TASK ITEM |
Would you transcribe each entry that follows word for word, minus the images?
___
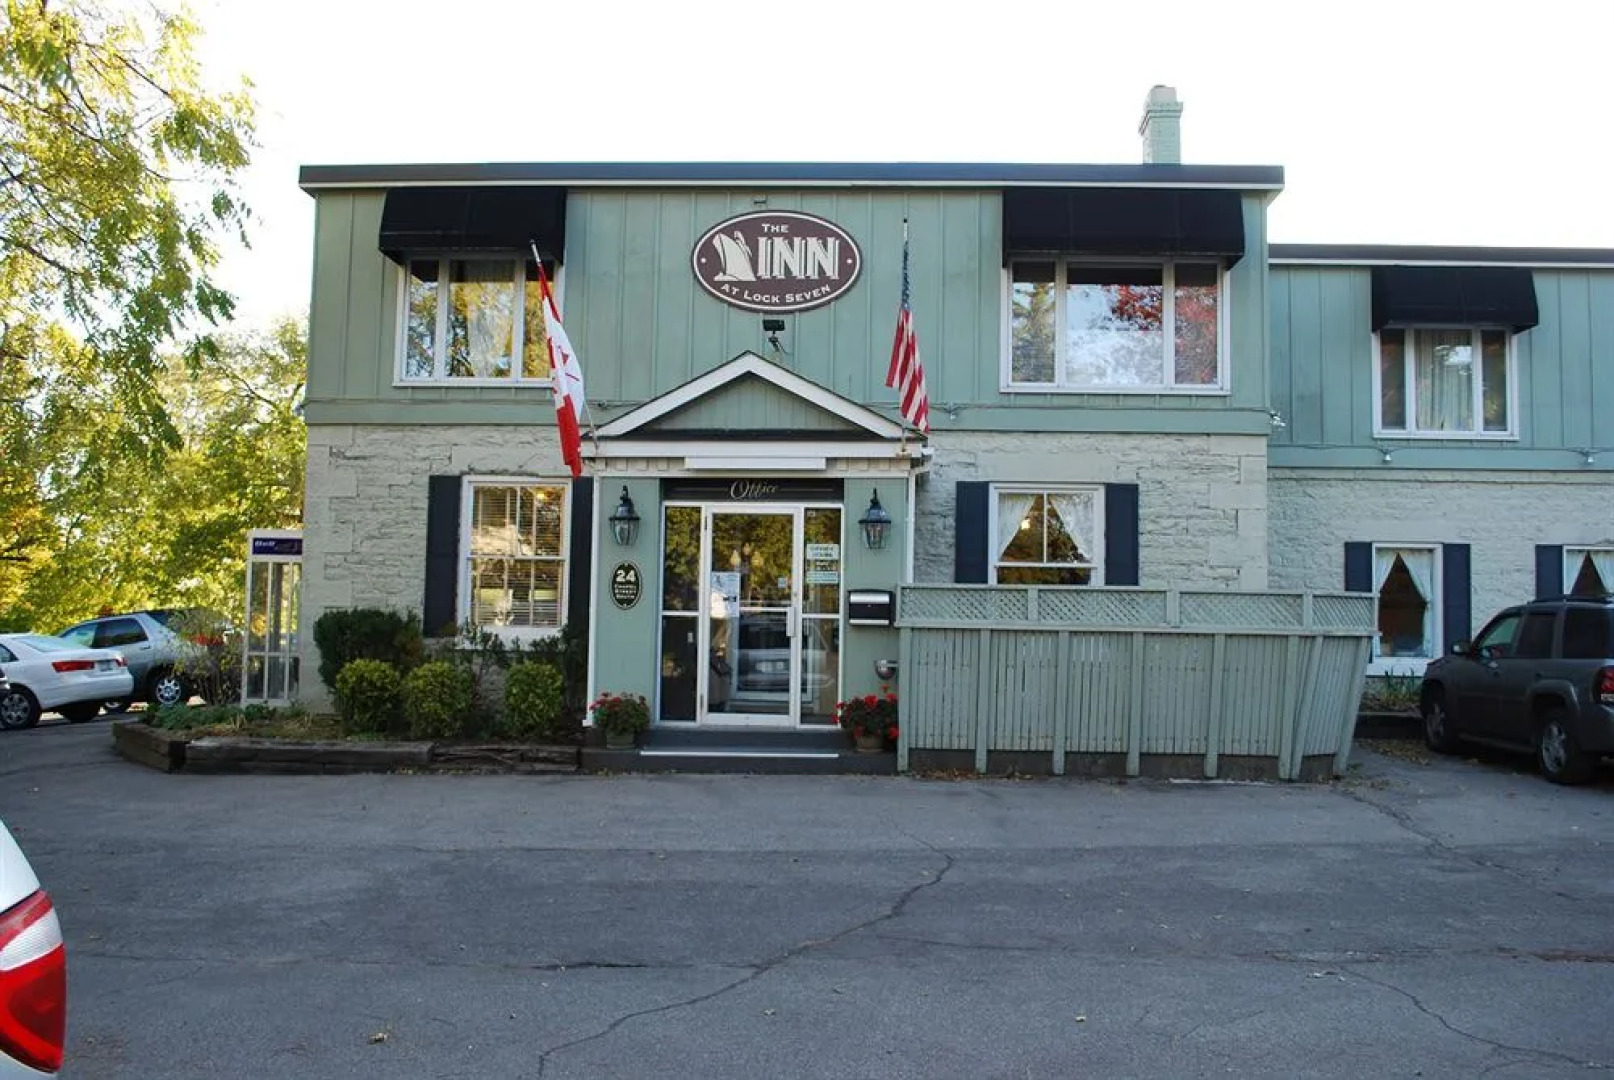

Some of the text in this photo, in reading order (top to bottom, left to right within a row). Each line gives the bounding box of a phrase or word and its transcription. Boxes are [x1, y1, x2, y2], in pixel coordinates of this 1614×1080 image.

[762, 223, 789, 233] THE
[757, 236, 840, 280] INN
[720, 283, 831, 303] AT LOCK SEVEN
[730, 479, 777, 500] Office
[616, 569, 636, 582] 24
___
EXPECTED ANSWER |
Some of the text in this photo, in reading order (top to bottom, left to right within a row). Each line gives the bounding box of a phrase or word and its transcription. Boxes are [x1, y1, x2, y2], in pixel coordinates of this 1614×1080 image.

[762, 223, 789, 233] THE
[757, 236, 840, 280] INN
[720, 283, 831, 303] AT LOCK SEVEN
[730, 479, 777, 500] Office
[616, 569, 636, 582] 24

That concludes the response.